Activity:
Every entry must reappear in your answer exactly as written, though its pictures must not.

** Opening Provided information block **

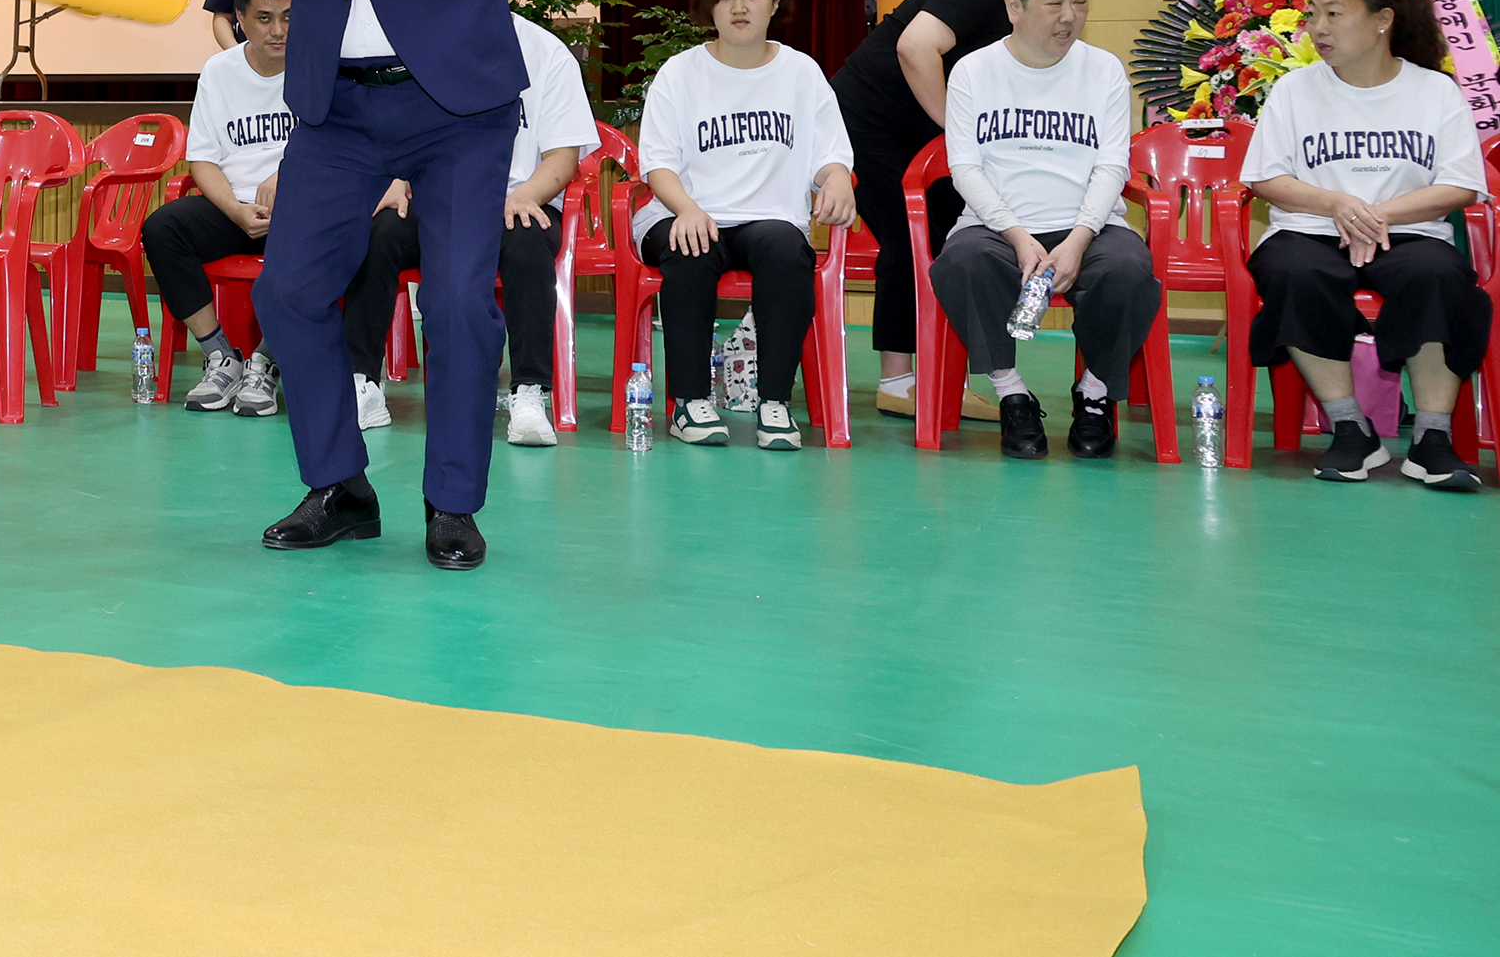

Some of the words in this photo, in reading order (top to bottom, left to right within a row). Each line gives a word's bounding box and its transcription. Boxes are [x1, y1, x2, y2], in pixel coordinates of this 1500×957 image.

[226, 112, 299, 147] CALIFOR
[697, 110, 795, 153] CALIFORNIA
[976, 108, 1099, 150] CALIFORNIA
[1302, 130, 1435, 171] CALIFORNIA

** Closing Provided information block **

Answer section:
Some of the words in this photo, in reading order (top to bottom, left to right within a row). Each line gives a word's bounding box and its transcription. Boxes are [x1, y1, x2, y2], in pixel coordinates of this 1500×957 image.

[226, 112, 299, 147] CALIFOR
[697, 110, 795, 153] CALIFORNIA
[976, 108, 1099, 150] CALIFORNIA
[1302, 130, 1435, 171] CALIFORNIA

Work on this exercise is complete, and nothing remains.